▶ [EXERCISE BRIEF]: Write out each line of the material exactly as given, and drop the images.
-- DATA FOR PROCESSING follows --
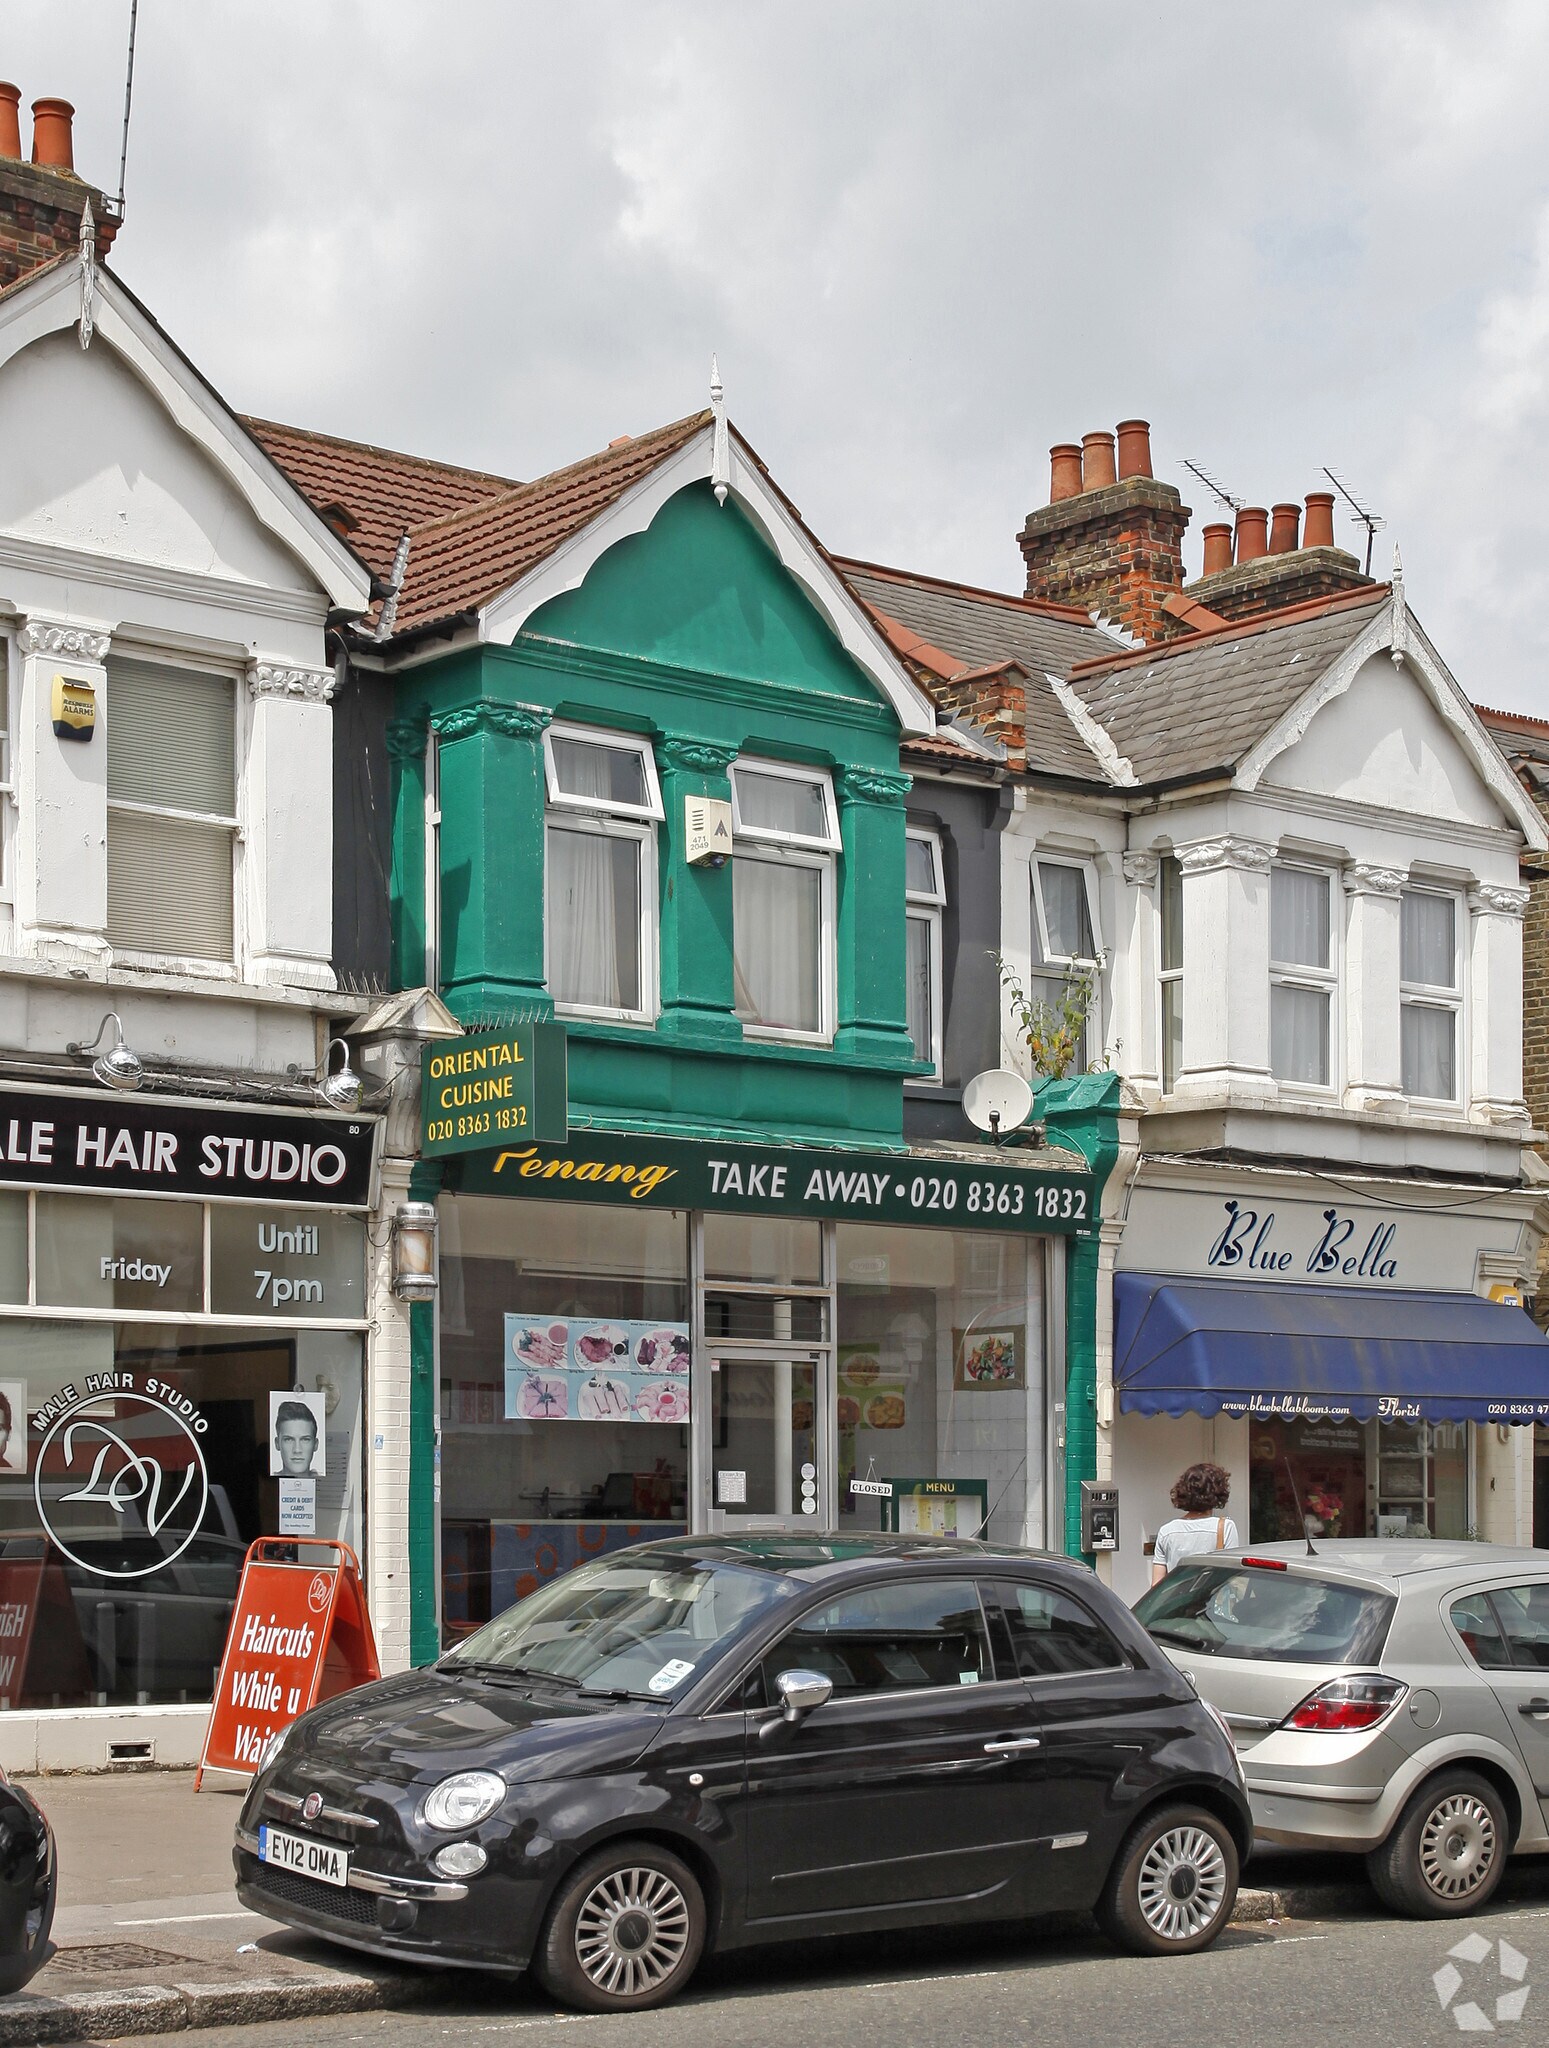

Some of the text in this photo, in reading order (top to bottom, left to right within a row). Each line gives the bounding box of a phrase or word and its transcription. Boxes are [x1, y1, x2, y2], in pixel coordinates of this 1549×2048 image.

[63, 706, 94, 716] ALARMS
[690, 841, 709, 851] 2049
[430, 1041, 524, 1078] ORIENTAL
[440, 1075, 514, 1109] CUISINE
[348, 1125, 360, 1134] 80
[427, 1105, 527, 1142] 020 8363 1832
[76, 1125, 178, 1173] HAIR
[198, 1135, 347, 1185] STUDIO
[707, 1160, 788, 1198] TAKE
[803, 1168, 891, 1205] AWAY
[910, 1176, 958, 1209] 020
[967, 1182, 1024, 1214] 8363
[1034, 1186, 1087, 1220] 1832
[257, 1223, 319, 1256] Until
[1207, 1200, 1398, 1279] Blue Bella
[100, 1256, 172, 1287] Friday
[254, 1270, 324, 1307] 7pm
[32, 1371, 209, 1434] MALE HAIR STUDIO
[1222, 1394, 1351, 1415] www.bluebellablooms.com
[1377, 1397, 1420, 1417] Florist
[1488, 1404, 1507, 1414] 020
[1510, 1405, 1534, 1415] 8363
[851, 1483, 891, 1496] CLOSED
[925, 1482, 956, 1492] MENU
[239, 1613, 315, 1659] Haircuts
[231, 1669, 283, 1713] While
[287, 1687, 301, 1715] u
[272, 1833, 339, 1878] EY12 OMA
-- DATA FOR PROCESSING concluded --
▶ [EXPECTED ANSWER]:
Some of the text in this photo, in reading order (top to bottom, left to right within a row). Each line gives the bounding box of a phrase or word and its transcription. Boxes are [x1, y1, x2, y2], in pixel coordinates of this 1549×2048 image.

[63, 706, 94, 716] ALARMS
[690, 841, 709, 851] 2049
[430, 1041, 524, 1078] ORIENTAL
[440, 1075, 514, 1109] CUISINE
[348, 1125, 360, 1134] 80
[427, 1105, 527, 1142] 020 8363 1832
[76, 1125, 178, 1173] HAIR
[198, 1135, 347, 1185] STUDIO
[707, 1160, 788, 1198] TAKE
[803, 1168, 891, 1205] AWAY
[910, 1176, 958, 1209] 020
[967, 1182, 1024, 1214] 8363
[1034, 1186, 1087, 1220] 1832
[257, 1223, 319, 1256] Until
[1207, 1200, 1398, 1279] Blue Bella
[100, 1256, 172, 1287] Friday
[254, 1270, 324, 1307] 7pm
[32, 1371, 209, 1434] MALE HAIR STUDIO
[1222, 1394, 1351, 1415] www.bluebellablooms.com
[1377, 1397, 1420, 1417] Florist
[1488, 1404, 1507, 1414] 020
[1510, 1405, 1534, 1415] 8363
[851, 1483, 891, 1496] CLOSED
[925, 1482, 956, 1492] MENU
[239, 1613, 315, 1659] Haircuts
[231, 1669, 283, 1713] While
[287, 1687, 301, 1715] u
[272, 1833, 339, 1878] EY12 OMA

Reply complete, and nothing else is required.